For anyone looking at the RayfenWindspear answer above (currently highest ranked), at first glance it looks right, but be aware that it does not check for exact equal-ness, but rather only that every element in the second list is in the first list. The converse also needs to be true, but is not checked by this method.

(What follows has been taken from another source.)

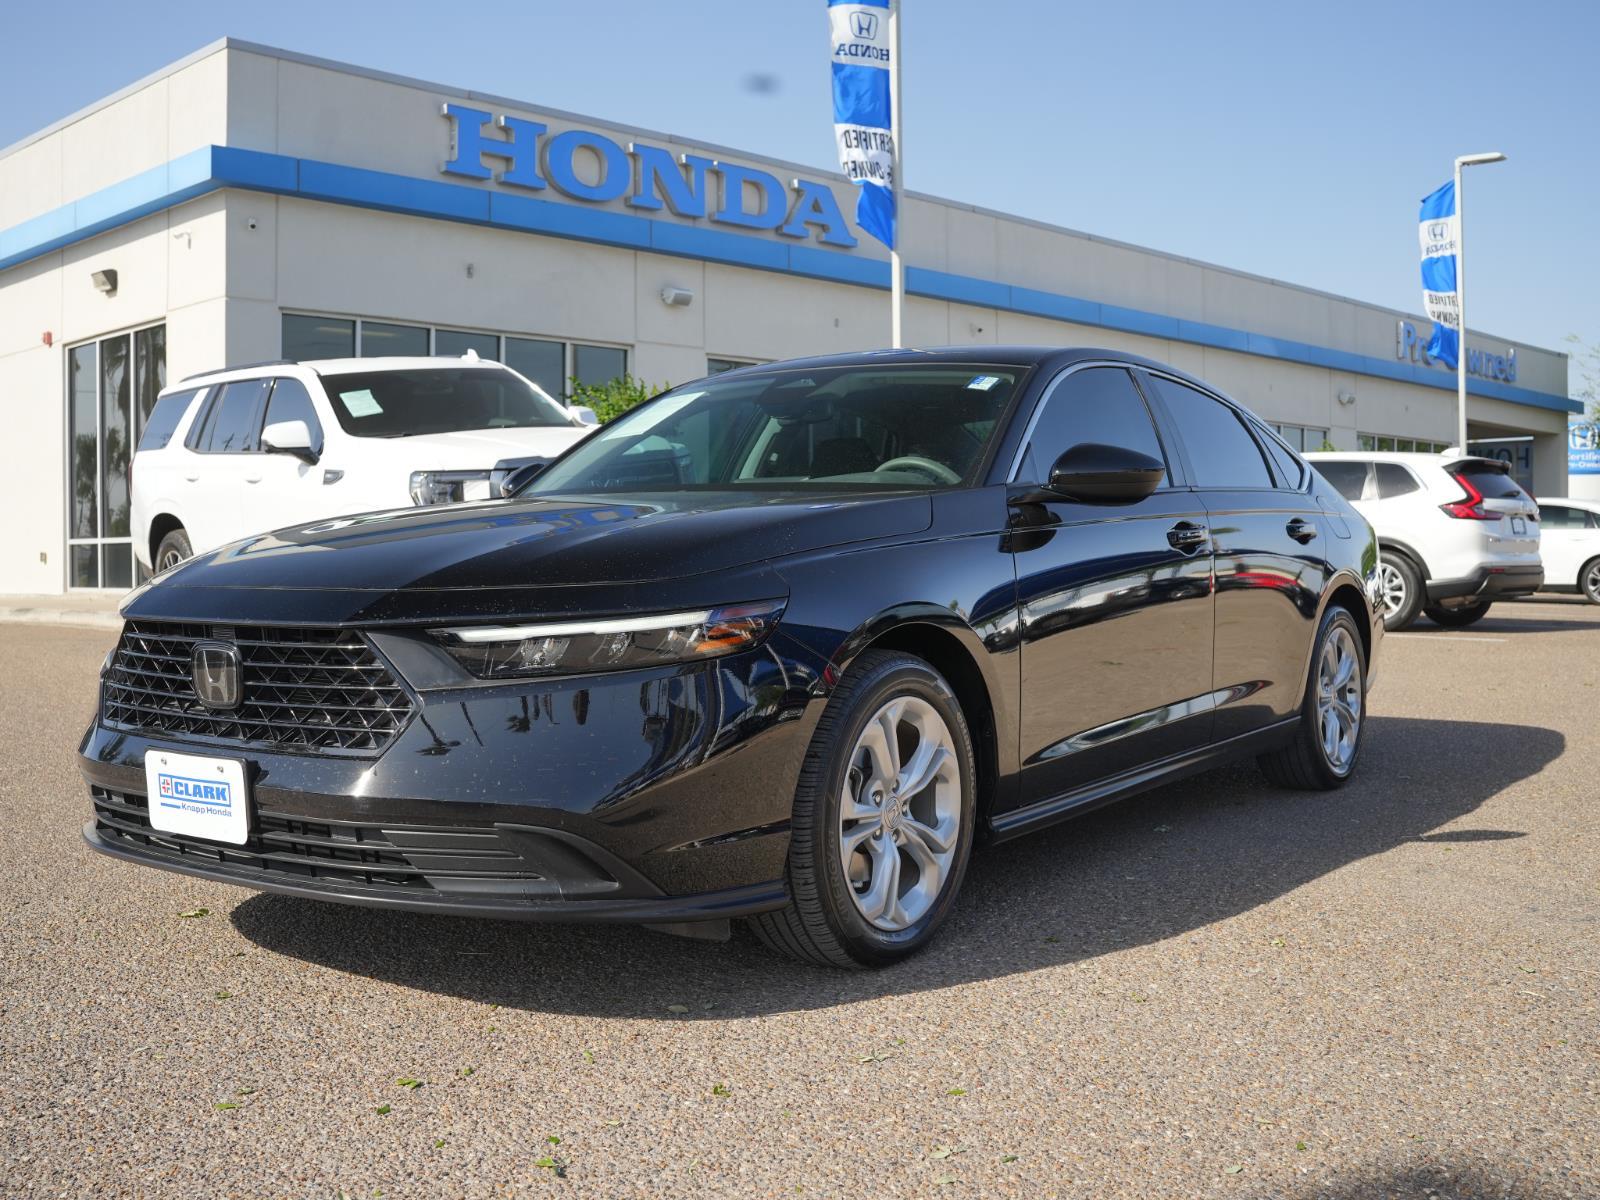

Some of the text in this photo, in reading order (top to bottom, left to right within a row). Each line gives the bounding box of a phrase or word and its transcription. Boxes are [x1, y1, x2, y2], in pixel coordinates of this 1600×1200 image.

Hence it fails this test (bb
is repeated).:
assert.False(t, unorderedEqual([]string{"aa", "cc", "bb"}, []string{"aa", "bb", "bb"}))
Of course you can just run it twice to get the correct result, which is only a linear factor
func DoubleUnorderedEqual(a, b []string) bool {
return unorderedEqual(a, b) && unorderedEqual(b, a)
}
The suggestion for the sort-then-check by Husain should possibly be ranked higher, because it is correct, and is also faster for larger lists.
Here's Husain's code in an exported function:
func SortCompare(a, b []string) bool {
if len(a) != len(b) {
return false
}
sort.Strings(a)
sort.Strings(b)
for i, v := range a {
if v != b[i] {
return false
}
}
return true
}
And some tests you can run on it (which it passes)
func TestSortCompare(t *testing.T) {
assert.True(t, SortCompare([]string{"aa"}, []string{"aa"}))
assert.False(t, SortCompare([]string{"aa"}, []string{"bb"}))
assert.False(t, SortCompare([]string{"aa"}, []string{"bb", "cc"}))
assert.True(t, SortCompare([]string{"cc", "bb"}, []string{"bb", "cc"}))
assert.True(t, SortCompare([]string{"aa", "cc", "bb"}, []string{"aa", "bb", "cc"}))
assert.False(t, SortCompare([]string{"aa", "cc", "bb"}, []string{"aa", "bb", "bb"}))
}
And here is some sample benchmarking ....
func getStrings() ([]string, []string) {
a := []string{"a", "foo", "bar", "ping", "pong"}
b := []string{"pong", "foo", "a", "bar", "ping"}
return a, b
}
func BenchmarkSortCompare(b *testing.B) {
s0, s1 := getStrings()
var outcome bool
for n := 0; n < b.N; n++ {
outcome = SortCompare(s0, s1)
}
fmt.Println(outcome)
}
func BenchmarkDoubleUnorderedEqual(b *testing.B) {
s0, s1 := getStrings()
var outcome bool
for n := 0; n < b.N; n++ {
outcome = DoubleUnorderedEqual(s0, s1)
}
fmt.Println(outcome)
}
With the results ...
BenchmarkSortCompare-32 2637952 498 ns/op
BenchmarkDoubleUnorderedEqual-32 3060261 381 ns/op
So running the map method twice is slightly faster at this small size... but add a few more strings and the sort method wins out by a factor of 10. I did not take into account the impact of the degree of disorder in the strings but they are sufficiently disordered it is not an obviously unfair test at first glance.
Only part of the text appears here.